Lets walk through a simple example. First we need somewhere to cache values. We will use a simple dictionary for this, but you can use anything with a dict-like interface (see lower for the specification), including persistent storage mechanisms.
# Make a store.
store = {}
Now we create the Memoizer
object itself. Any keyword arguments will be stored as options to the "default" region (more on this later).
# Initialize the cache object.
from memoize import Memoizer
memo = Memoizer(store)
There is a direct API for retrieving a value. We pass it the key we want, and a function that is used to calculate it.
def basic_func():
print 'called'
return 123
# Manually retrieve a value.
memo.get('basic', basic_func)
# stdout > called
# return > 123
# If we ask for the same key it will not run the function again.
memo.get('basic', basic_func)
# return > 123
You can check for a given key, and manually remove something from the cache if you want:
memo.exists('basic')
# return > True
memo.delete('basic')
memo.exists('basic')
# return > False
memo.get('basic', basic_func)
# stdout > called
# return > 123
You can specify the positional and keyword arguments to call the function with:
def adder_func(a, b):
print called
return a + b
# Passing args...
memo.get('adder-1', adder_func, (1, 2))
# stdout > called
# return > 3
memo.get('adder-1', adder_func, (1, 2))
# return > 3
# And kwargs...
memo.get('adder-2', adder_func, (), {'a':3, 'b':4})
# stdout > called
# return > 7
Values need not live forever; we can easily supply maximum ages or expiry times for the data.
memo.get('expires', basic_func, max_age=1)
# stdout > called
# return > 123
memo.get('expires', basic_func, max_age=1)
# return > 123
# Let us wait for this to expire...
import time
time.sleep(1.1)
# The function will get called again!
memo.get('expires', basic_func, max_age=1)
# stdout > called
# return > 123
Alternatively you can pass a expire
which is the explicit unix time for the data to expire at.
You can see how much time is left until something expires, or set an expiration manually:
memo.get('expires', basic_func, max_age=60)
# stdout > called
# return > 123
memo.ttl('expires')
# return > something slightly less than 60
# Wait a bit and see what happens...
time.sleep(1)
memo.ttl('expires')
# return > something slightly less than 59
# Manually set the remaining ttl of the data.
memo.expire('expires', 10)
memo.ttl('expires')
# return > something slightly less than 10
# Set an explicit expiry time.
memo.expire_at('expires', time.time() + 3600)
memo.ttl('expires')
# return > something slightly less than 3600
If you need to regenerate your content based off an external resource that is not reflected by the arguments of the function when called, then you can use etags.

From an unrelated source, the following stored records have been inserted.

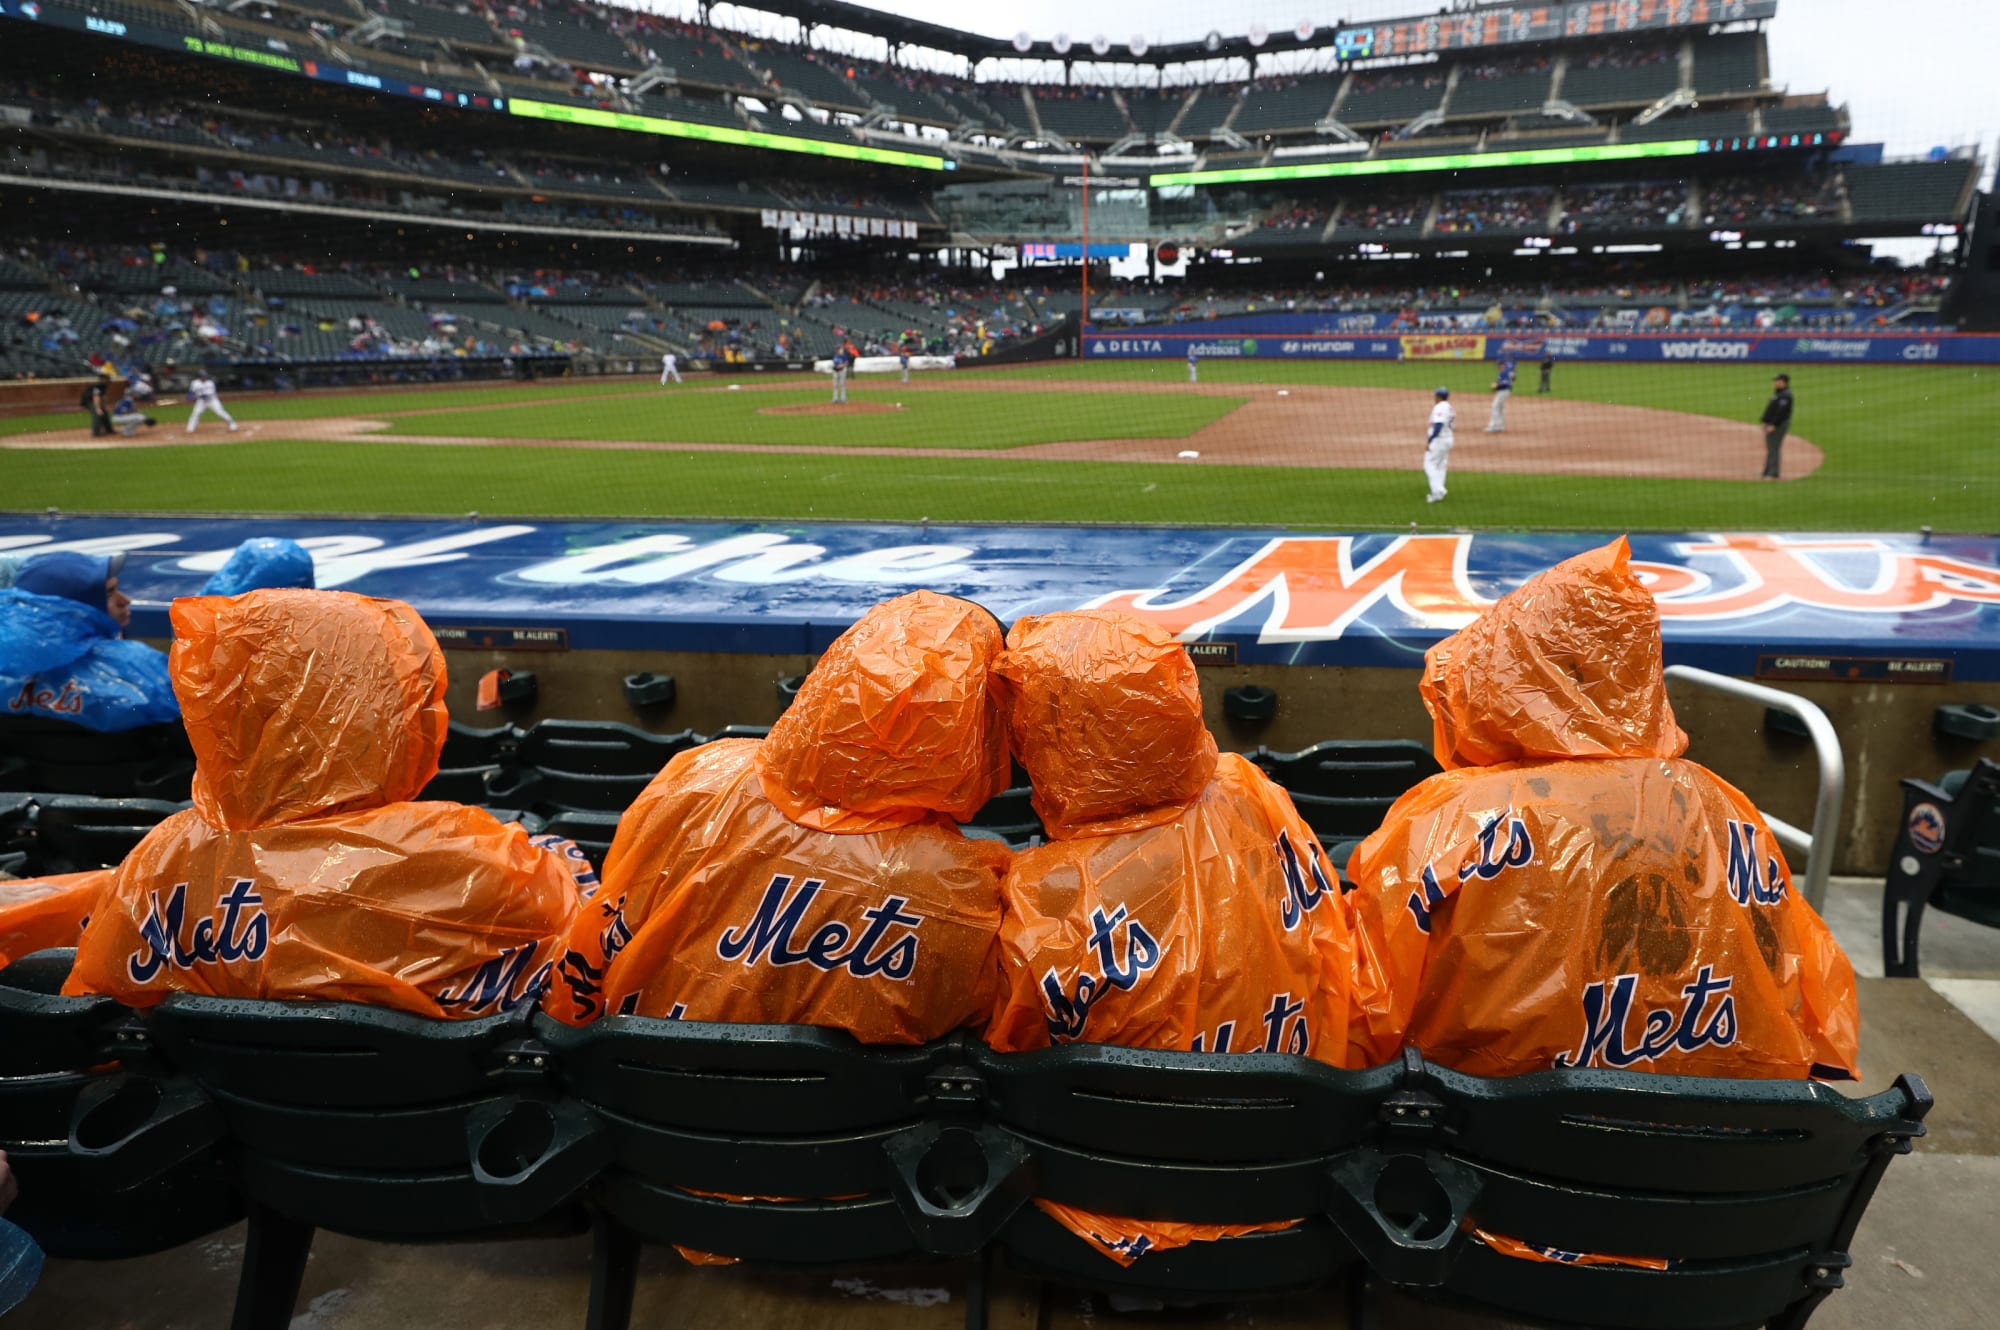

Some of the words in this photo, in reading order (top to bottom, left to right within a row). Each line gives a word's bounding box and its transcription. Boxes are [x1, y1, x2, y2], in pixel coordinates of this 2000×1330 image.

[1109, 340, 1162, 352] DELTA
[1302, 342, 1354, 351] HYUNDAI
[1661, 339, 1749, 358] verizon
[1811, 339, 1871, 351] National
[1902, 342, 1939, 359] citi
[516, 532, 974, 584] the
[1193, 646, 1227, 655] ALERT!
[1775, 658, 1830, 669] CAUTION!
[1888, 661, 1901, 671] BE
[1904, 662, 1944, 672] ALERT!
[8, 676, 90, 714] Mets
[1727, 819, 1789, 907] Me
[127, 878, 270, 985] Mets
[717, 873, 925, 980] Mets
[1552, 965, 1738, 1070] Mets
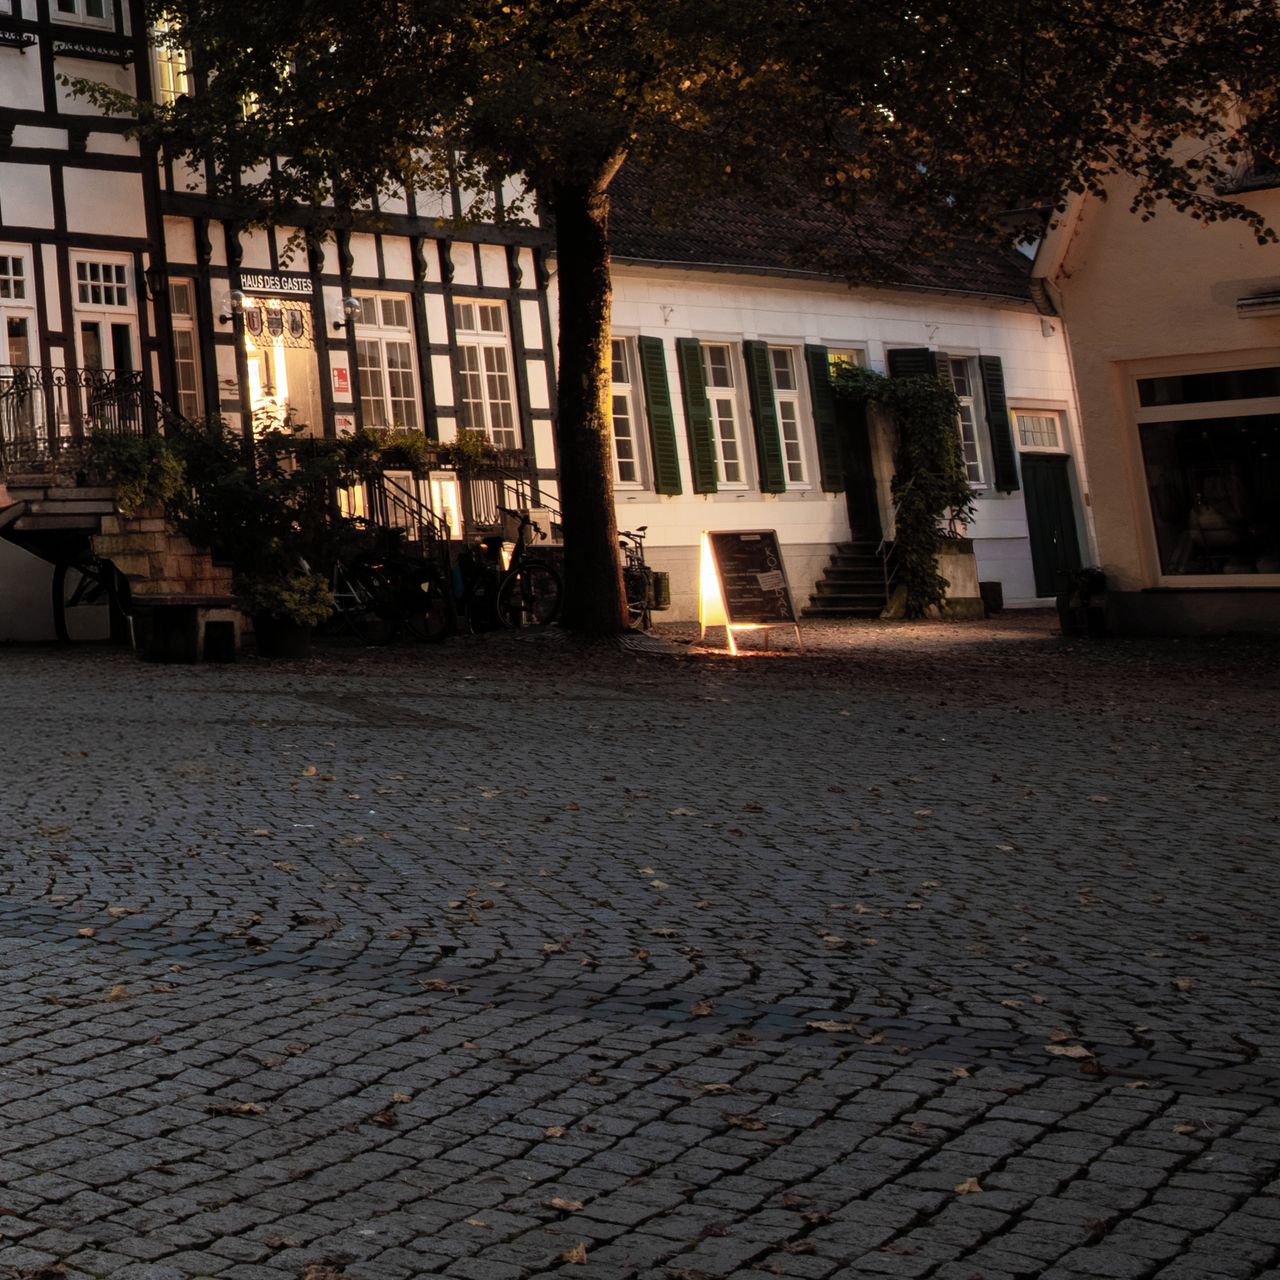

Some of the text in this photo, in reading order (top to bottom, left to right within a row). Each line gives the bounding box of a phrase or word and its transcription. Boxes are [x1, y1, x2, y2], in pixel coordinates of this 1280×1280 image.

[240, 274, 313, 291] HAUS DES GASTES
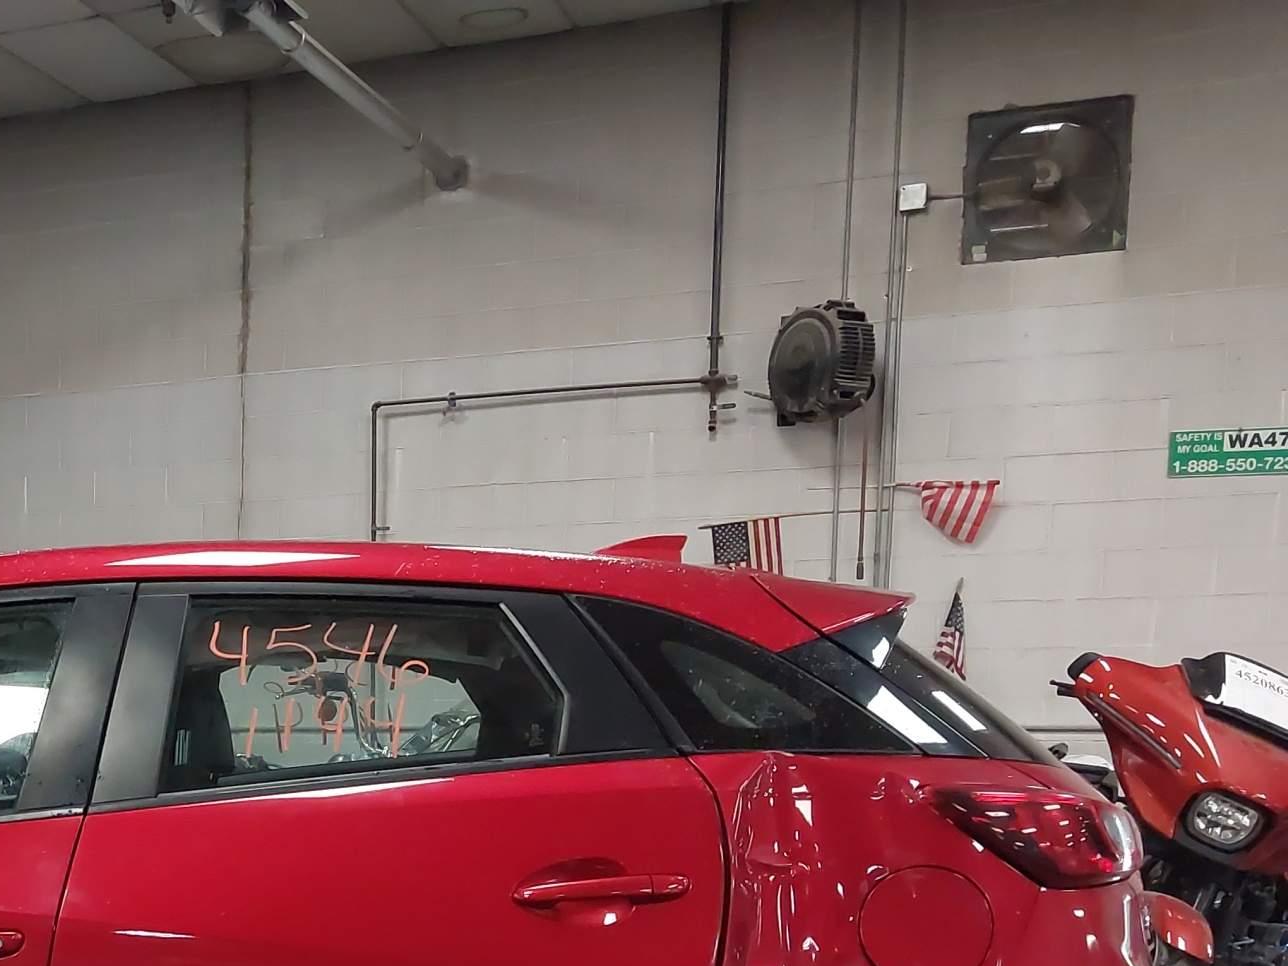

An etag is any object that represents the current state of the resources that will be drawn upon to generate the final value. If the etag changes then it is assumed that the value is out of date. Note that not providing an etag will not trigger a regeneration.
store = {}
memo = Memoizer(store)
memo.get('etagged', basic_func, etag='a')
# stdout > called
# Doesnt call the function again if the etag is the same.
memo.get('etagged', basic_func, etag='a')
# Change the etag.
memo.get('etagged', basic_func, etag='b')
# stdout > called
You can also supply a function that is called with the same arguments that the function will be called with, and its return value is used as the etag.
state = []
def get_etag():
return len(state)
memo.get('etagged', basic_func, etagger=get_etag)
The Memoizer
object can be applied as a decorator to a function, which will automatically cache its return values keyed on the function name, and arguments provided. This is only reliable as long as the repr
of the arguments is deterministic (ie. no dicts which can change order).
The inclusion of arguments into the key is the primary difference between the direct get method, and using the decorator; functions have effectively been memoized!
You can manually specify a key as a positional argument if there will be a name collision by another function with the same name.
Note: Most options we have used previously are perfectly valid to use in the decorator declaration, with an obvious exception of arguments as those are handled by calling the function. Features that we will explain on the decorators (ie. regions, locks, etc) apply equally to the direct get method.
Basic usage:
@memo
def cached_func():
print 'called'
return 456
cached_func()
# stdout > called
# return > 456
cached_func()
# return > 456
Using options:
# This should be obvious as to what it does...
@memo(max_age=60)
def one_minute():
return 'value'
one_minute()
# return > 'value'
Many of the Memoizer methods have been applied to the wrapped function as well!
one_minute.exists()
# return > True
one_minute.ttl()
# return > slightly less than 60
one_minute.expire(10)
one_minute.ttl()
# return > slightly less than 10
one_minute.delete()
one_minute.exists()
# return > False
Since the cache for the function is keyed by the arguments, you must provide all of the positional and keyword arguments that you are checking against to these methods.
@memo
def adder(a, b):
return a + b
adder(1, 2)
# return > 3
# This will not work as expected!
adder.exists()
# return > False
# But this does...
adder.exists((1, 2))
# return > True
Care has been taken to key this keeping in mind how the arguments will be accepted by the function. Ergo you can specify positional arguments by a keyword and it will still use the same key.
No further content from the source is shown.